Jump directly to the page contents

Bernhard Sallmann is one of those filmmakers who do not make the foreign familiar, but the familiar strange. The films of the director, who was born in Austria but has lived in Berlin for several decades, maintain contact with the world in which he himself moves. The first ones were made around the turn of the millennium practically on his own doorstep: in Neukölln, on the Teltow Canal or even in a Berlin public authority where he himself worked for a time.
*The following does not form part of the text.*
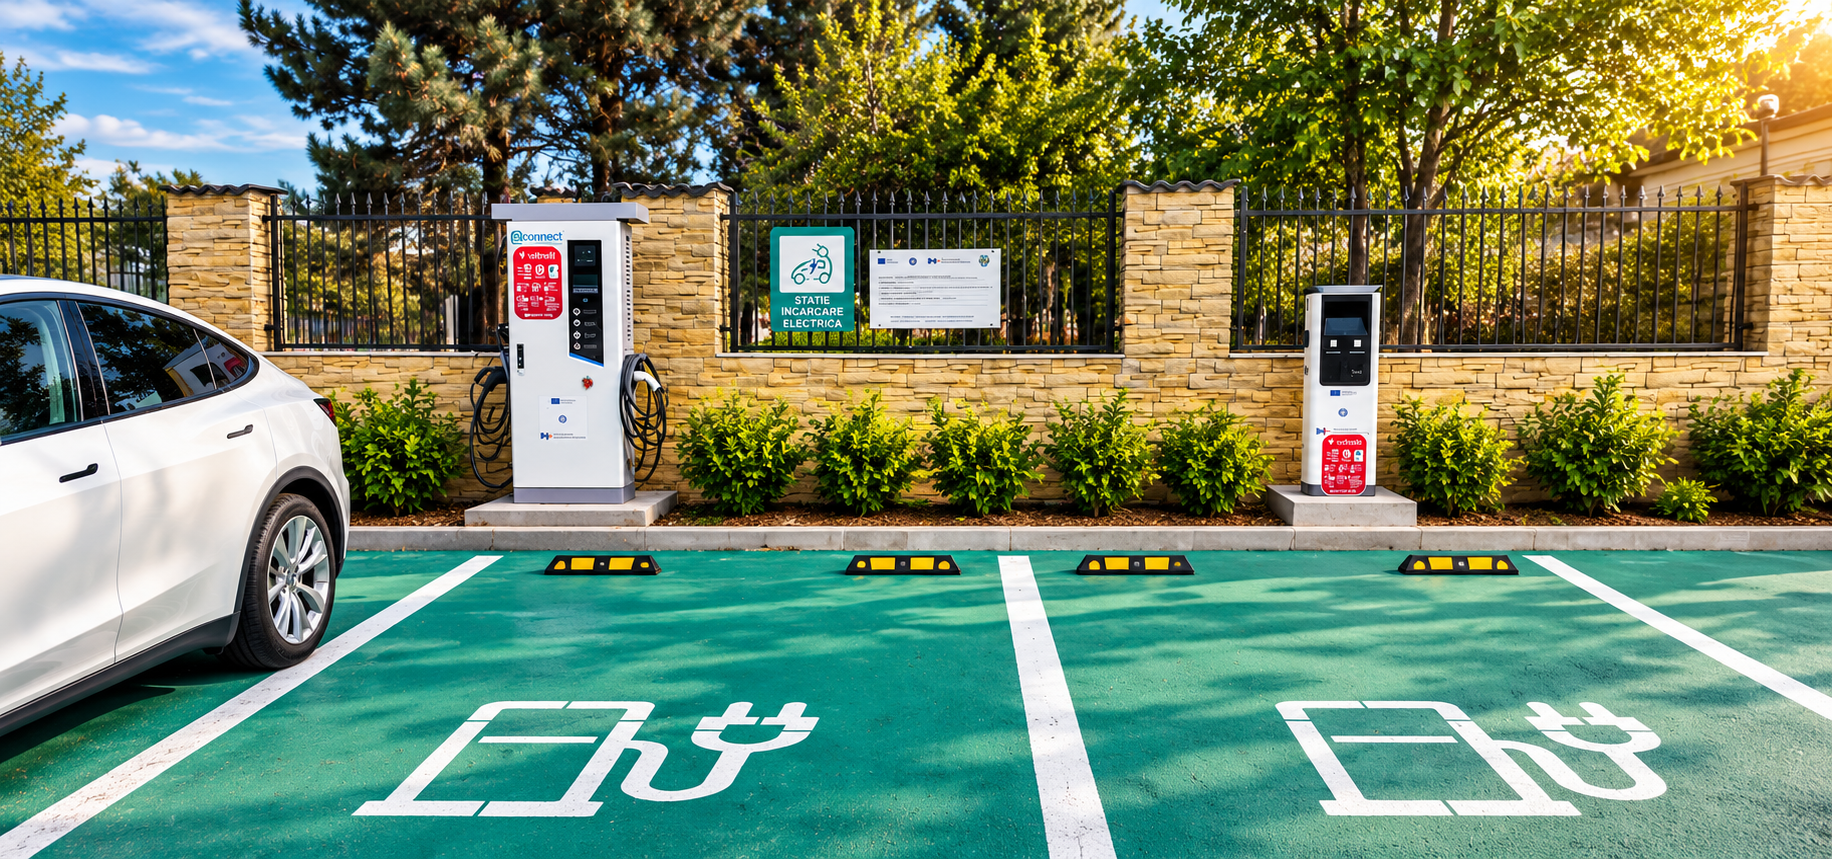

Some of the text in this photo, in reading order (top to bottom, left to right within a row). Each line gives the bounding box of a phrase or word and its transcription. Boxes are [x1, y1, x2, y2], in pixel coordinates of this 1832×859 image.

Later he undertakes expeditions beyond the city limits, to Lusatia, to the Mark Brandenburg, or he turns to the fields and meadows of his childhood in rural Upper Austria.
Sallmann's films make all these places visible, in patient, often rigid, precisely composed shots, from which, in particular, a fabulous sense of the expressiveness of landscapes speaks; and at the same time, the films confront these places with something that is not in the picture, at least not immediately. Sometimes with a formal idea, more often with texts that open themselves and the cinematic image to the past. What emerges is a cinema of clear form that nevertheless contains an awareness of hybridity. The world is not what it seems. That is precisely why it is worth taking a closer look.
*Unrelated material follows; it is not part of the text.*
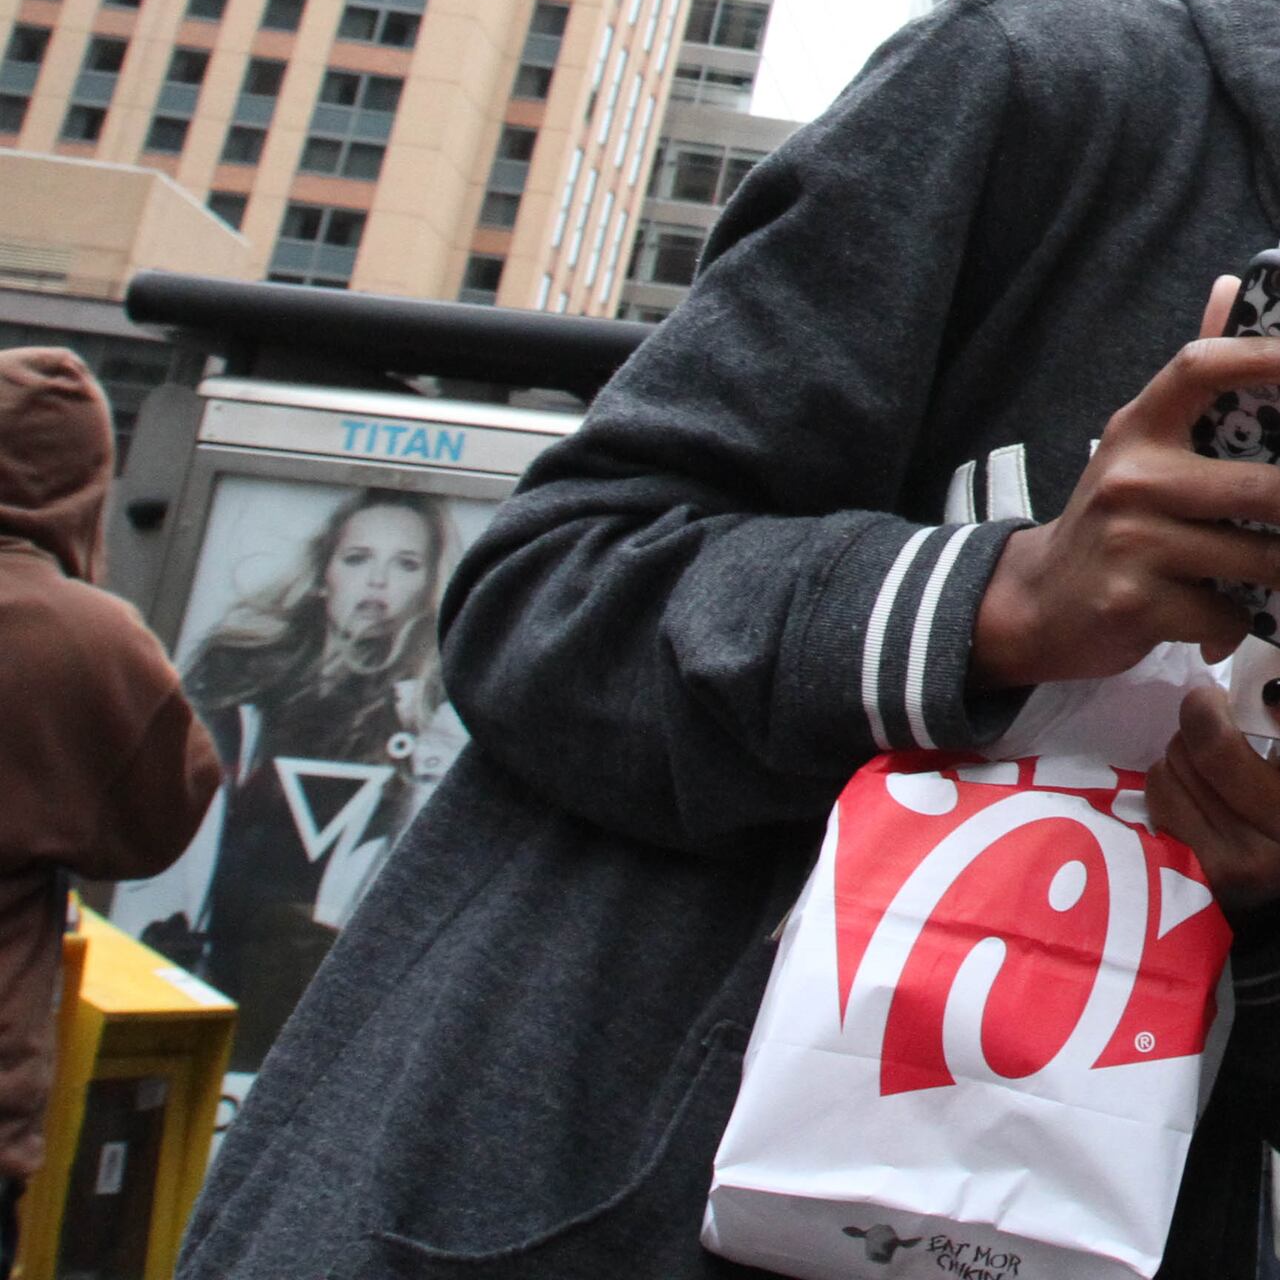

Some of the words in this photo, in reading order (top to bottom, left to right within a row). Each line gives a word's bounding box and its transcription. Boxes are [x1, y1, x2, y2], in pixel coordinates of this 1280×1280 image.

[341, 420, 466, 463] TITAN
[925, 1234, 971, 1257] EAT
[973, 1246, 1022, 1276] MOR
One generally encounters Bernhard Sallmann's works, if at all, individually, in isolation, at small festivals or perhaps once in a while in the late night programme of regional television. What gets lost in the process and can only be rediscovered in a retrospective are the relationships between the films. The fleeting, almost ghostly echoes and similarities in particular that allow the images to come into contact with the past, but also with each other.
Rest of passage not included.